Os Ford que não existiram: Linha Aero/Itamarty 1972


Já conversamos, tempos atrás, sobre a aquisição do controle acionário da Willys-Overland do Brasil (WOB para os mais chegados) pela Ford, lá no já distante ano de 1968, ocasião em que a pioneira Willys foi completamente absorvida pela compradora. 

Aparentemente foi um bom negócio, pois a fábrica do oval incorporou a produção dos utilitários (Jeep, Pick-Up e Rural), recebeu, em adiantado estágio, o projeto que se revelaria, no ano seguinte, o Ford Corcel (tremendo sucesso, aliás) e, de quebra, continuou a produção dos modelos mais luxuosos da já extinta montadora, o Aero e o Itamaraty.
 
O Gordini, carro de entrada da WOB, até ganhou uma nova versão (a IV, praticamente igual à III), mas logo desapareceu do catálogo, o que se compreende em razão da gestação do Corcel já estar bem adiantada e o simpático popular, apesar de suas vantagens, não era exatamente um sucesso de vendas.

Dos modelos sobreviventes, a mudança na maternidade da produção exigiu, num primeiro momento, a adequação de nomenclatura: seria muito chato para a Ford anunciar e vender produtos com o nome de uma outra fabricante (apesar da óbvia relação da Willys com os modelos), de modo que não demorou muito para o Aero Willys se tornar Ford Aero e a Pick-up Jeep em F-75, tudo ao gosto e modo da nova gestora.

A revisão dos projetos não parou nas mudanças de nome: diversos aperfeiçoamentos foram introduzidos, a começar por um aumento de potência já no ano de 1968 (130cv no motor 2300 e 140cv no motor 3000), o compartilhamento de peças Ford (limpadores de para brisa e calotas do Galaxie empregados no Itamaraty, por exemplo), além de uma ou outra novidade nas cores e nos revestimentos internos.

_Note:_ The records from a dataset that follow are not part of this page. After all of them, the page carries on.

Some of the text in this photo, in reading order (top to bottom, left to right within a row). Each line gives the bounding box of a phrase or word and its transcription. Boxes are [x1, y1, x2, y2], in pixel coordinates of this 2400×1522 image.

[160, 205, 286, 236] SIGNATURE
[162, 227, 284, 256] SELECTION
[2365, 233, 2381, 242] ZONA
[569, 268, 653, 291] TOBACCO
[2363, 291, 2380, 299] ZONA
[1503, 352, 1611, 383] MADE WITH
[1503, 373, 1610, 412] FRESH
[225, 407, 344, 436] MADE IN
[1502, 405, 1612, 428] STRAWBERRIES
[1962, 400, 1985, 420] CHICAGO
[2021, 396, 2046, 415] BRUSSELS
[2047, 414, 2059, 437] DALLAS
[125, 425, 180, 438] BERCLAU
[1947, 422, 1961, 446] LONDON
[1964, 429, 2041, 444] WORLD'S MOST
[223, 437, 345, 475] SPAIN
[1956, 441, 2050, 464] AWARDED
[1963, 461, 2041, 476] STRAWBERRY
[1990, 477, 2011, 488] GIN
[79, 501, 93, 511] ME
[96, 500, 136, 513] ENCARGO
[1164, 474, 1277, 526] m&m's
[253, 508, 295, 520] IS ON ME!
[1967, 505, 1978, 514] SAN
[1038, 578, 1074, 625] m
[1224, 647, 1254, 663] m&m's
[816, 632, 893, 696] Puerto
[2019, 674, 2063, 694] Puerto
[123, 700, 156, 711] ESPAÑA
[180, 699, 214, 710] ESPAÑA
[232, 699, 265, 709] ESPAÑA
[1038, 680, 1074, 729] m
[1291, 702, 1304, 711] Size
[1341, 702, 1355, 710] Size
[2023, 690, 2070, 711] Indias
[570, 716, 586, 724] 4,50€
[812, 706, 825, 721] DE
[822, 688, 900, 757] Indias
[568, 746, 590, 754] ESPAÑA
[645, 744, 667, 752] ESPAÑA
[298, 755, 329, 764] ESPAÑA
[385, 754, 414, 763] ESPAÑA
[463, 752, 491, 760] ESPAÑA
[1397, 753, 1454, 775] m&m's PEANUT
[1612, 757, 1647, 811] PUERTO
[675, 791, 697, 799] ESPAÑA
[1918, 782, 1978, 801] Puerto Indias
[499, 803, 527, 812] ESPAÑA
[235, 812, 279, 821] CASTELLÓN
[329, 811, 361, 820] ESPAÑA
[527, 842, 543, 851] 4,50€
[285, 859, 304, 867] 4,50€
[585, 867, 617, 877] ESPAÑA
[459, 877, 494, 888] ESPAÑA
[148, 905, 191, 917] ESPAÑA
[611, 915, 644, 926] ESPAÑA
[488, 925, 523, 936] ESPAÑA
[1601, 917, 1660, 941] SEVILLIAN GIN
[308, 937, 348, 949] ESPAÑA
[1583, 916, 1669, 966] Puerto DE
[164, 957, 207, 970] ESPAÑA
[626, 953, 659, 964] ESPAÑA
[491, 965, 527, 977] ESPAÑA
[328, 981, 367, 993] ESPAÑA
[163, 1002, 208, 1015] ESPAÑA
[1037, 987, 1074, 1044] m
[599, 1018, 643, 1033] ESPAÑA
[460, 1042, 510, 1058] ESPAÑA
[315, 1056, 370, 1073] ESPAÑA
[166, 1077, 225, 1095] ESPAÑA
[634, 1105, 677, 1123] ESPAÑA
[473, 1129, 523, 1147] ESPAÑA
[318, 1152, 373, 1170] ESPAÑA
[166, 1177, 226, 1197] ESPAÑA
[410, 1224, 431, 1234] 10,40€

No ano de 1970 não tivemos muitas alterações relevantes; o Galaxie era o carro-chefe da Ford, com muitos predicados que faziam justiça ao posto, tanto de conforto, desempenho, segurança e status, de sorte que os Aero e Itamaraty tinham vendas discretas, por se tratarem de opções válidas pelo custo-benefício, pois já estavam longe de representar a última palavra em tecnologia.

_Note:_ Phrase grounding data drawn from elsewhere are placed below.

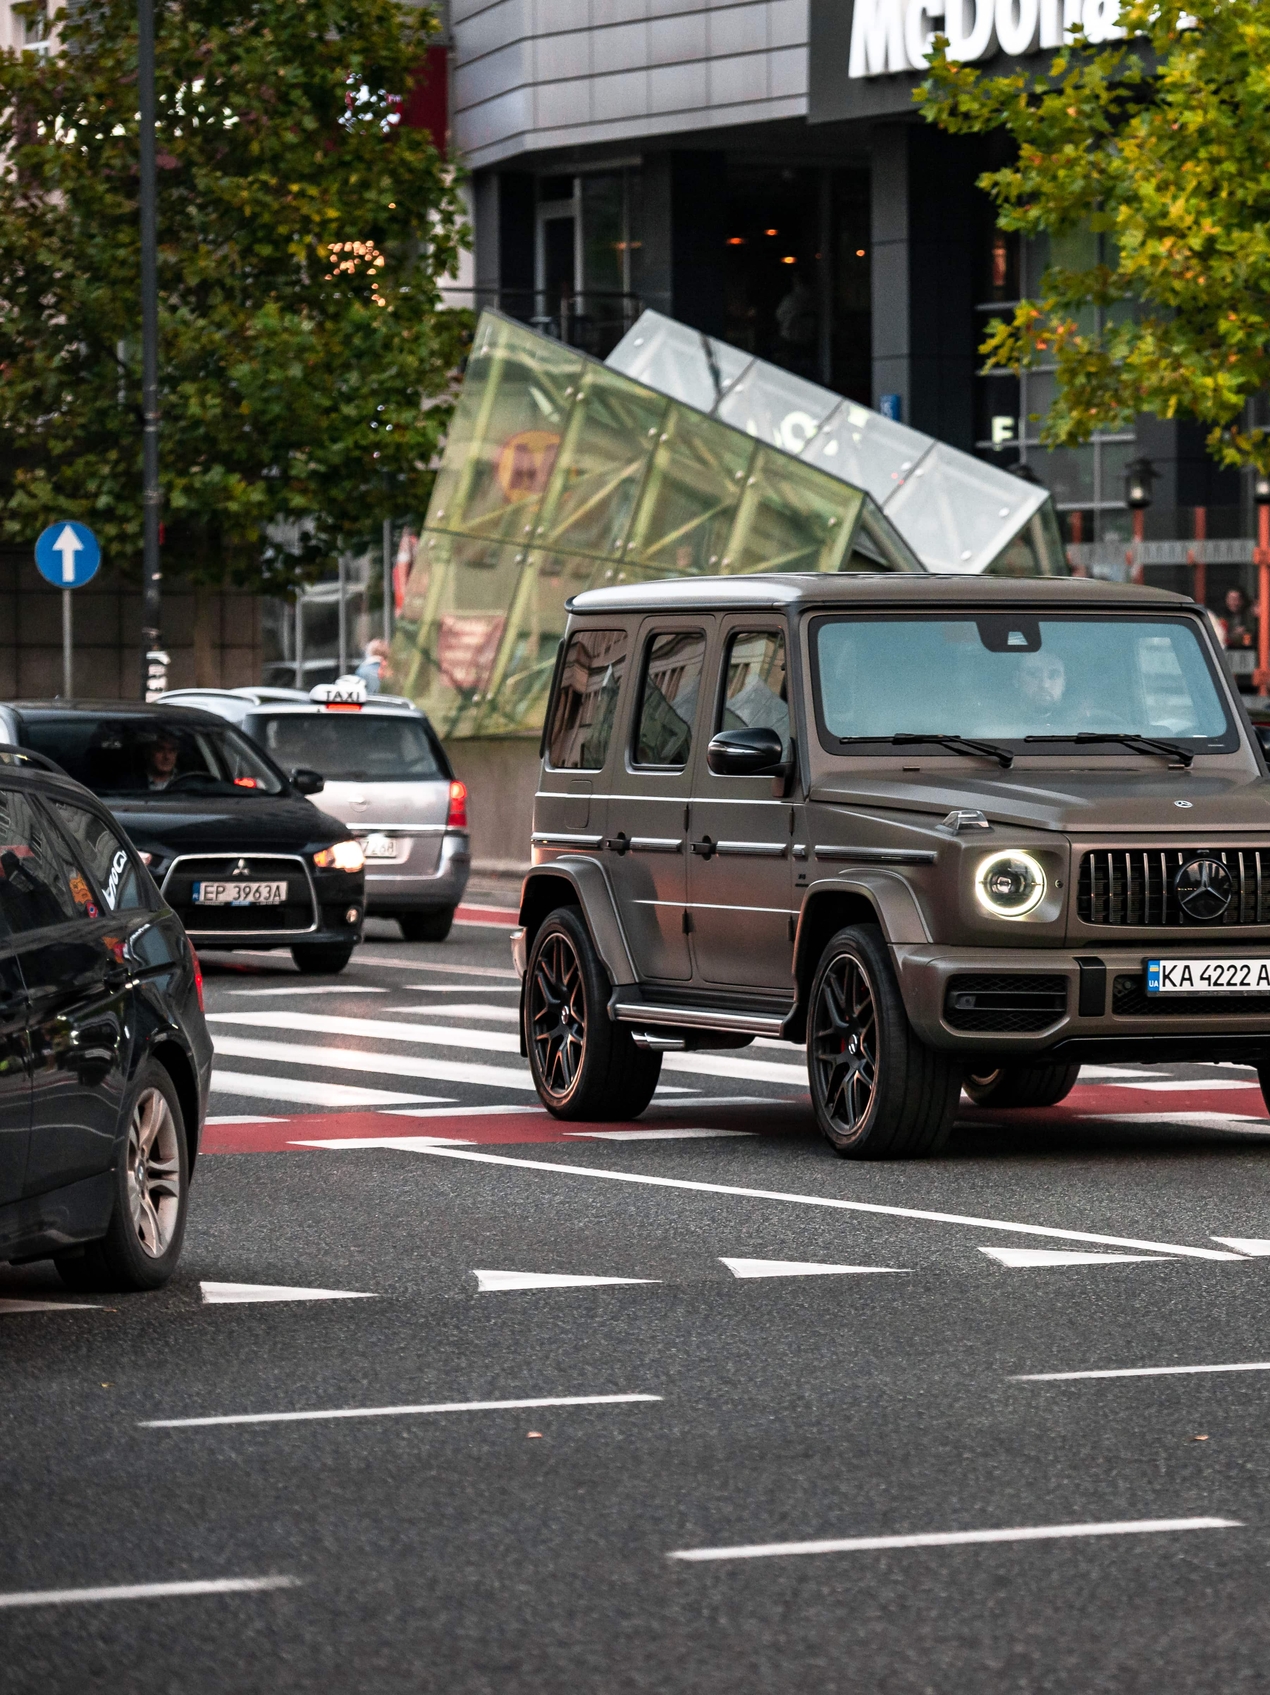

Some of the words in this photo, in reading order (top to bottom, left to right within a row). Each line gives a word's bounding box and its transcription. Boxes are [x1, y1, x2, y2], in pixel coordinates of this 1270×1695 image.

[325, 690, 360, 702] TAXI
[203, 885, 225, 901] EP
[232, 885, 281, 901] 3963A
[1162, 965, 1194, 987] KA
[1199, 965, 1251, 987] 4222
[1149, 980, 1159, 988] UA

Mas não foi por falta de tentativa da filial brasileira: a revista Auto Esporte, em 1970, flagrou diversos modelos preparados pelo Departamento de Estilo para avaliar a possibilidade de reestilização da linha, cujas fotos foram gentilmente disponibilizadas pelo interessante carrosantigosnacionais.blogpsot.com:

Três tomadas dos estudos da Ford para a reestilização da linha Aero/Itamaraty
Se bem me lembro, a história (ou seria lenda?) narra que o próprio Henry Ford II, chefe-dos-chefes da Ford (neto do fundador, aliás) viu pessoalmente os modelos e não gostou muito deles, desaprovando, por completo, a tentativa da filial brasileira de investir mais uns trocos na modernização da linha. Pessoalmente falando, ainda bem que a cirurgia estética nos já cansados modelos não foi para frente...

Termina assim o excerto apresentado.